Ein Teil meiner Investmentthese ist aber, dass ich den Eindruck habe bei Protector in einen sehr ehrgeizigen und fokussierten CEO zu investieren, der auch in schwierigen Zeiten schnell die richtigen Entscheidungen trifft und der zudem durch seine eigenen Anteile (und die in seiner Familie verteilten) hoch motiviert ist mit der Firma entsprechend gute Gewinne einzufahren.
Aus diesem Grund und da die Firma umfassende Preisanpassungen angekündigt hat glaube ich, dass die Probleme mit der schlechten Schadensquote bald behoben werden. Zu beachten ist allerdings, dass Protector viele Verträge erst zum Jahr 2019 anpassen kann, und bis dahin noch auf einigen unprofitablen Verträgen sitzt. Für 2018 erwarte ich daher selbst bei stabilen Aktienmärkten nicht mehr als 1 bis 2 NOK Gewinn pro Aktie zu sehen, bei einem sich verlangsamenden Prämienwachstum.
Ab 2019 allerdings sollte sich der Gewinn dank der Preiserhöhungen aber wieder erholen, mit eventuell stagnierendem Umsatz. Ich glaube nicht, dass die etablierten Versicherungen mit ihren höheren Kosten längerfristig günstigere Verträge als Protector anbieten können und wollen, im Gegensatz leiden auch die anderen Anbieter unter den niedrigen Preisen. Nachdem im gesamten Markt eine Preiserhöhungsrunde vollzogen wurde, würde ich einen Gewinn von 5% des Prämienvolumens und 3-4% des Anlagevolumens als “normal” ansehen. Bereits mit der aktuellen Größe von Protector (10,5 Mrd NOK verwaltete Gelder, Netto-Prämieneinnahmen von geschätzt 3,3-3,5 Mrd NOK im Jahr) entspräche dies mindestens 500 Mio NOK im Jahr. Protector selbst rechnet mit schwachen Wachstumsraten in 2019 und wieder stärkeren ab 2020. Langfristig kommt also noch Wachstum hinzu.
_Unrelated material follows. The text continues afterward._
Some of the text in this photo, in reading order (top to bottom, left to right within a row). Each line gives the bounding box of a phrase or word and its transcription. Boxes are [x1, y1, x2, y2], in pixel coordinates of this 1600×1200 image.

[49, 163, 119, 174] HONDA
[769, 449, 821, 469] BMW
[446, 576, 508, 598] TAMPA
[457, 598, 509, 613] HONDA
Sollten Aktien wieder günstiger werden wird sicher auch die Aktienquote bei den Anlagen wieder steigern – aktuell liegt sie mit knapp 15% geringer als 2008 vor der Finanzkrise, so dass man dort auch nicht zu hohe Gewinne erwarten kann.
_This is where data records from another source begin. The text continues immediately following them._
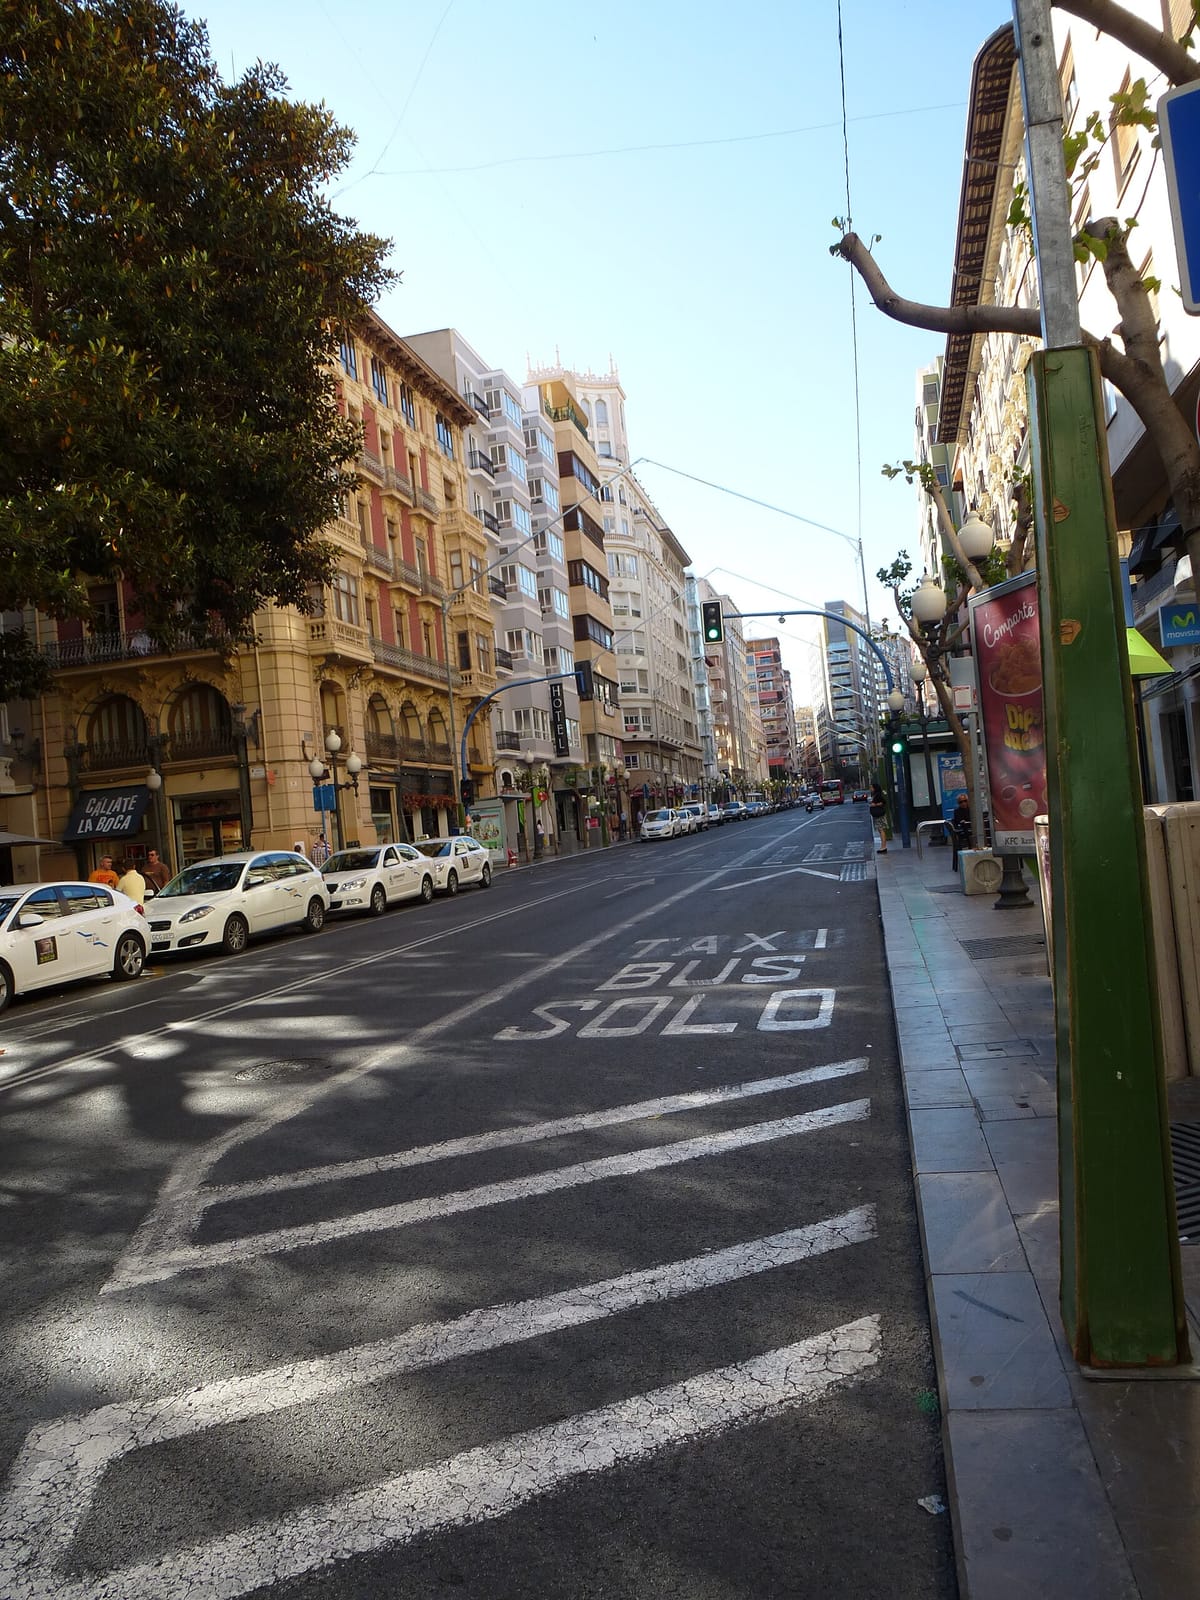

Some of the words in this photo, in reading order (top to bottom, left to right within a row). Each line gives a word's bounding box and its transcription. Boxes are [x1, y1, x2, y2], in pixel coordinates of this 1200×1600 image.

[983, 602, 1036, 649] Comparte
[552, 685, 566, 749] HOTEL
[77, 818, 93, 834] LA
[95, 814, 132, 833] BOCA
[1004, 836, 1019, 846] KFC
[631, 928, 828, 959] TAXI
[594, 955, 806, 991] BUS
[493, 988, 836, 1040] SOLO
Eine Schätzung über die genaue Gewinnentwicklung der nächsten Quartale will ich aufgrund der Abhängigkeit vom Anlageergebnis nicht abgeben. Allerdings bin ich recht sicher, dass in zwei bis drei Jahren wieder Gewinne von mehr als 5 Kronen pro Aktie erzielt werden können. Außerdem rechne ich mit einer aufgrund der steigenden Ölpreise und der klugen norwegischen Verwendung der Einnahmen langfristig sehr starken und stabilen norwegischen Krone. Für Mitte der 2020er Jahre rechne ich sogar mit einem Gewinn von deutlich über 10 Kronen je Aktie und hoffe auf die Wiederaufnahme von Dividendenzahlungen. Langfristig sollte man bei den aktuellen günstigen Kursen also hoffentlich ein gutes Geschäft machen. Kurzfristig kann es natürlich noch weiter nach unten gehen, und ich habe schon eine ganze Menge in meine Protector-Aktien investiert. Daher werde ich die nächsten Tage noch abwarten um zu schauen ob ich auf dem aktuellen Niveau noch einmal weiter zukaufe.
Disclaimer: Ich als Autor besitze Aktien von Protectorforsikring und könnte daher in meiner Meinung voreingenommen sein oder Interessenskonflikte haben. Dies ist keine Anlageempfehlung oder Beratung! Investiert nur in Aktien, die ihr versteht und selbst analysiert habt!